About David & Nancy Guthrie
David & Nancy Guthrie have a twenty-something son, Matt. They’ve had two children, a daughter, Hope, and a son, Gabriel. They were born with a rare genetic disorder called Zellweger Syndrome and each lived six months.
They host weekend “Respite Retreats” for married couples to spend unhurried time with other couples who understand the devastation of losing a child, to learn from each other, encourage each other, and experience together renewed hope for the future.
Nancy has written a number of books, including Holding On to Hope: A Pathway of Suffering to the Heart of God in 2002, where she offered many of the lessons she learned from this sorrowful experience. Since then, she has continued to write books that reflect her compassion for hurting people and her passion for applying God’s Word to real life.
After more than 20 years with Word Music, David Guthrie launched the very first “church musical publisher just for kids,” Little Big Stuff Music.
The Host of Emotions Another Pregnancy Brought to Nancy and David
“As hard as it is to lose a child, I think perhaps it’s doubly difficult to watch your child lose a child. You have nothing in your bag to pull out to fix it and so we decided to take surgical steps to prevent another pregnancy. So you can imagine our surprise to put it mildly to learn a year and a half after Hope died that I was pregnant, but we weren’t just surprised we were afraid.
When I first discovered it there was a cautious sense of joy, like here’s this thing we have ruled out and God has clearly overruled it. Perhaps He’s done this because He’s going to give us another healthy child to raise and enjoy which we didn’t expect, which honestly at that point our family didn’t feel complete and so that possibility was a joyous possibility but significant. But then there’s also this hit in the gut like, “Wow, you mean He might be asking us to love and lose another child? To go through this again?” And that seemed overwhelming. So we went through prenatal testing because we felt like it’s going to be helpful to know which way we’re going. We discovered the child I was carrying was a boy who would also have the fatal syndrome.”

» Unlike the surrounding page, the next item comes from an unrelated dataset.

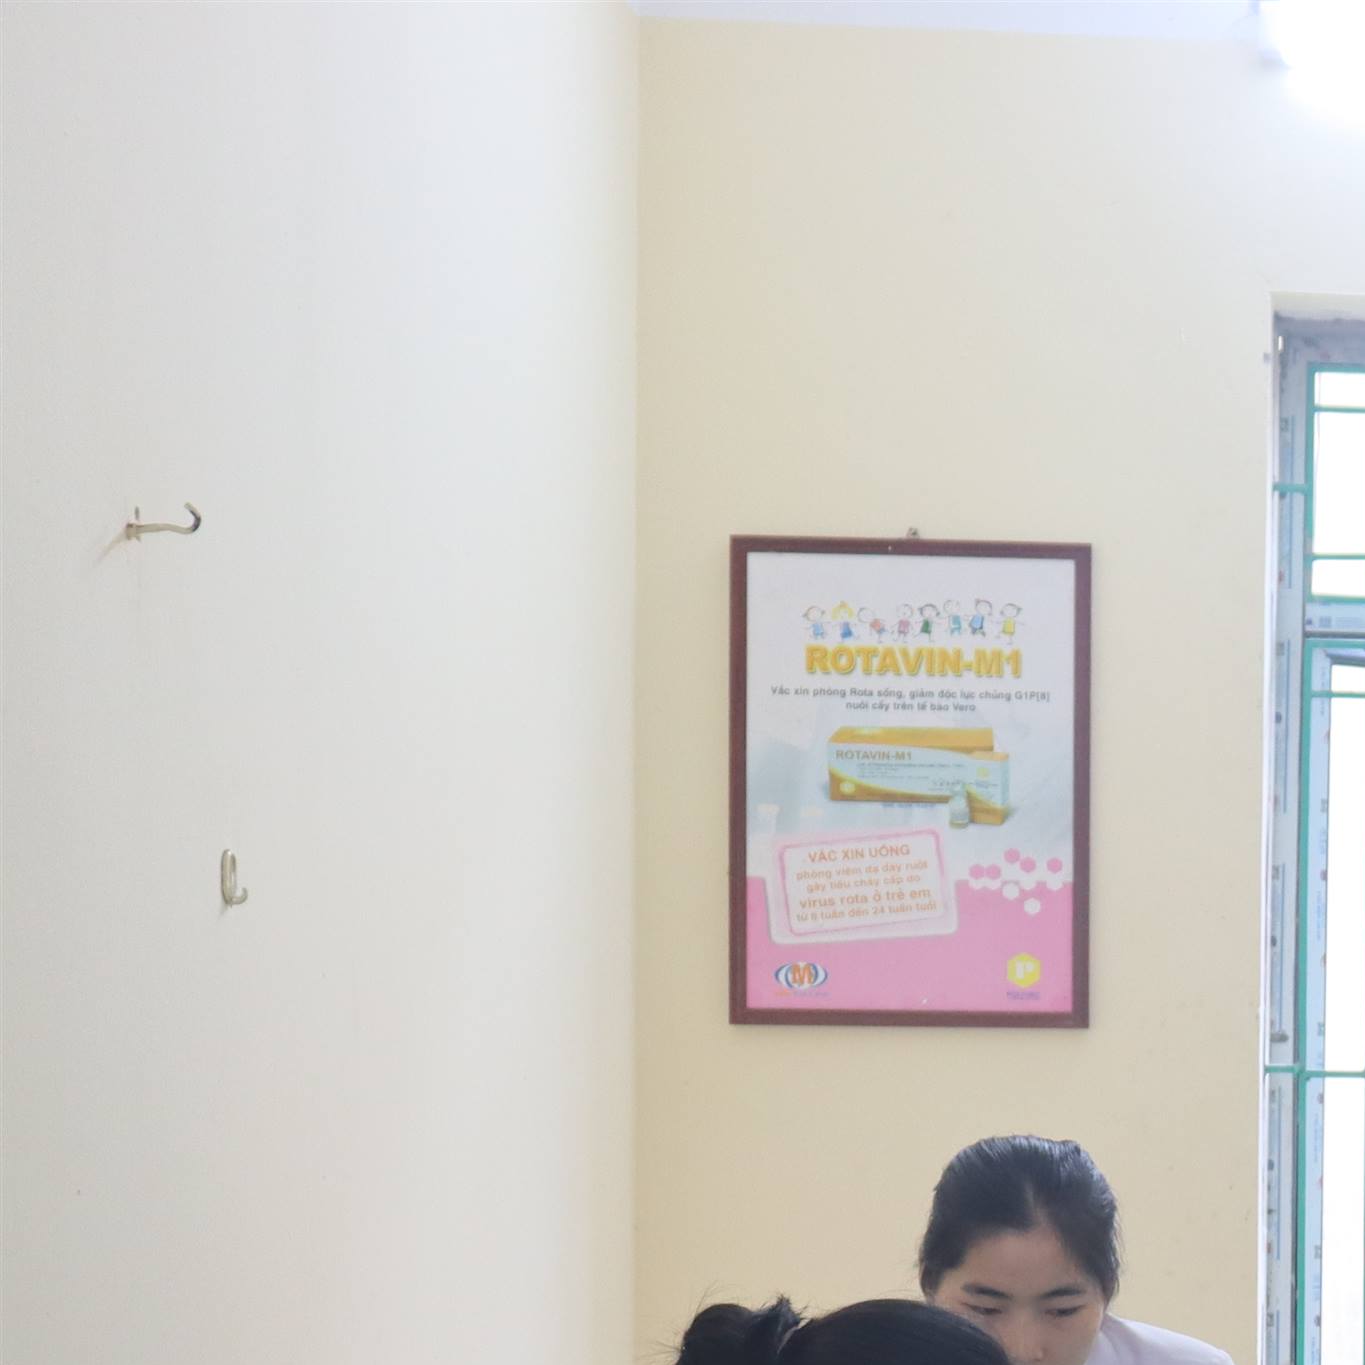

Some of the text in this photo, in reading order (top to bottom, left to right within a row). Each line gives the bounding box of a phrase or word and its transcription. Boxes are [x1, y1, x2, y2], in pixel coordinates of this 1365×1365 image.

Early Testing For The New Baby
“We had arranged with the geneticist when he had the results of the tests, that he would call us. I was working at the office, Nancy was at home. We decided I’d drive home and we’ll talk to him on the phone and we’d get that news together. Actually, this was a really cool thing for me; my drive home was so intense as you can imagine. I was thinking, “Wow, what if? Can we do this again?”
On the drive home for some reason I had this thought, “What if this phone call were a different kind of call? What if it were our pastor for example calling and saying, “There’s a young mother giving birth, a single mother giving birth to a child. They’ve just discovered that the child will have Zellweger’s Syndrome and she can’t possibly care for the child. Could there possibly be parents who would adopt such a child?”

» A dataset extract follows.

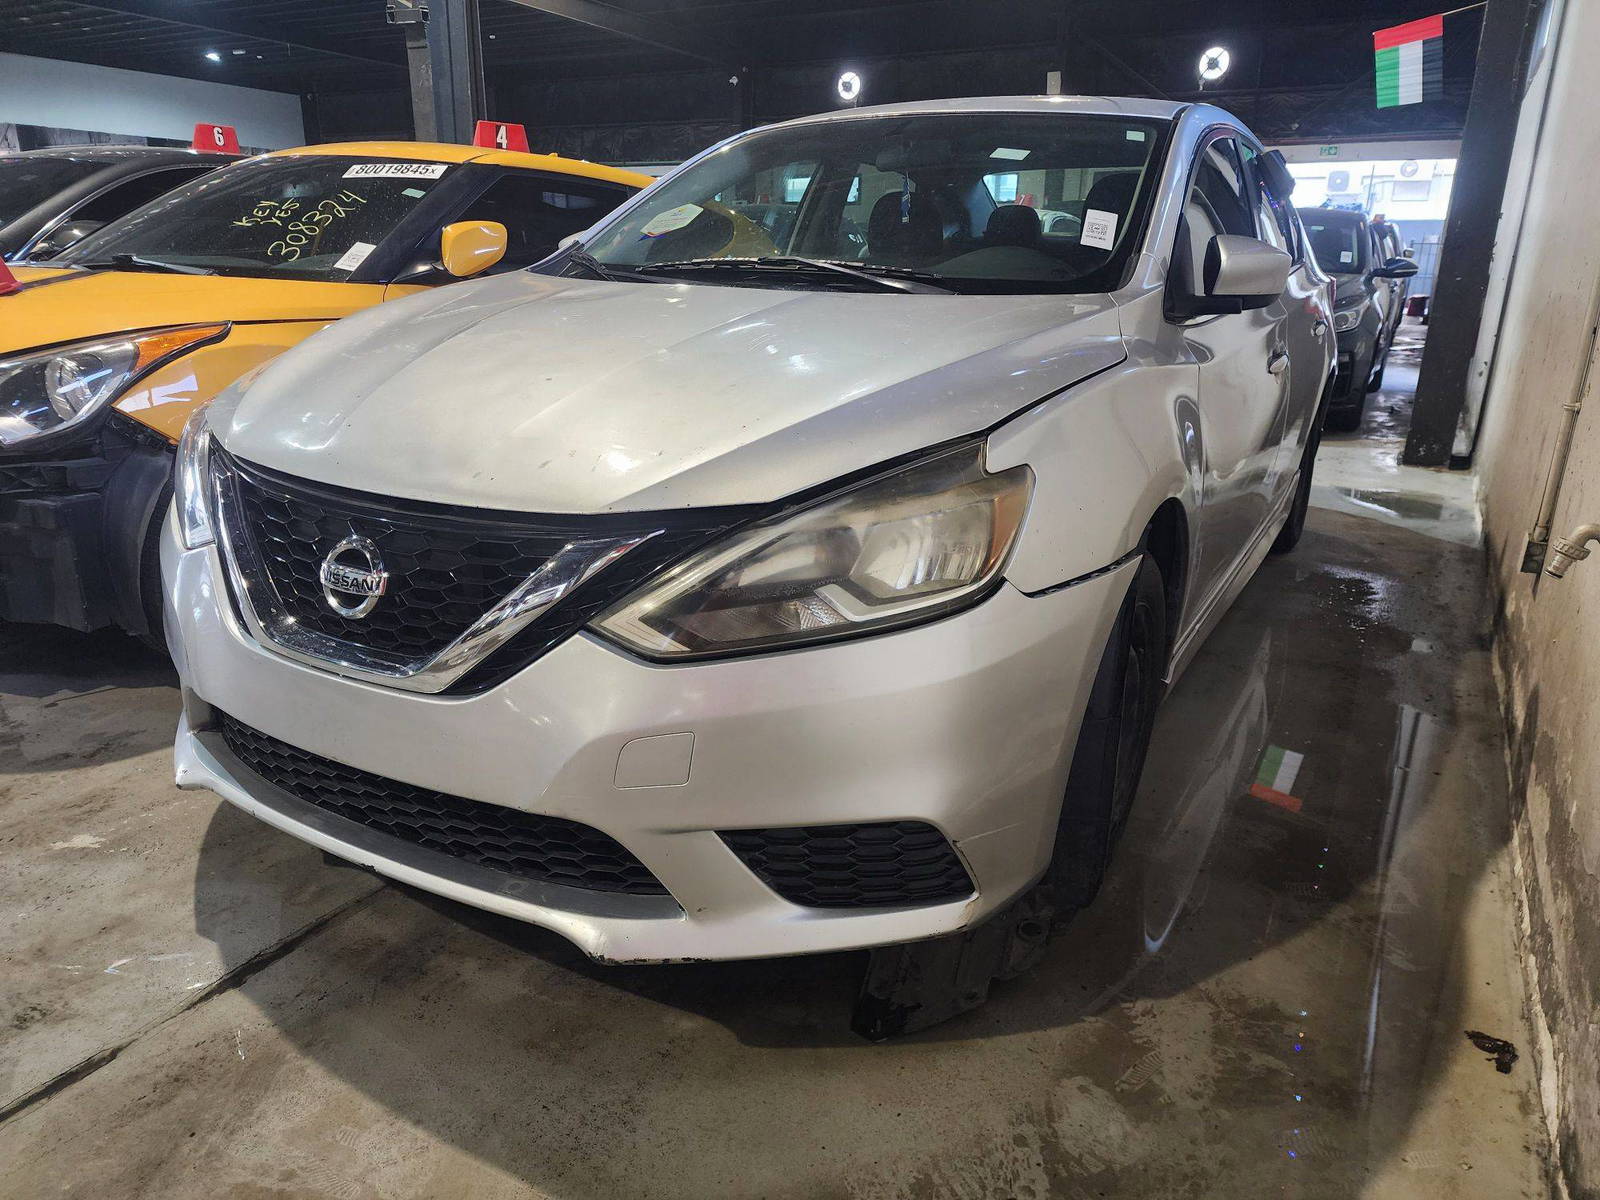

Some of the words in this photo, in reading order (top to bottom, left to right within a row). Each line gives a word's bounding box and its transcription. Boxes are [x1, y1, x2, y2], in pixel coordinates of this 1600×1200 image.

I thought in that moment we would do it. Yes! I thought we had been down that road before; we know both the joys and the challenges, the devastating sorrow of it. What a calling! Would we do it? Yes, we’d do it. By the time I got home, my heart was prepared for the news we got. Indeed, the doctor got us on the phone and said, “Well the tests are in and they’re positive.”
The Pregnancy Experience For David and Nancy
“It was very different this time going through nine months of pregnancy knowing we were going to have a child that was going to die. In some ways it made it more precious. It was part of his life that we wanted to cherish. It was awkward at times, you know we would see people who knew we had had a child who died, and they’d see I was pregnant and they’d say, “Oh.” But to over and over again say, “Yes, but this child’s going to die too.” Talk about a conversation stopper, you know that was awkward.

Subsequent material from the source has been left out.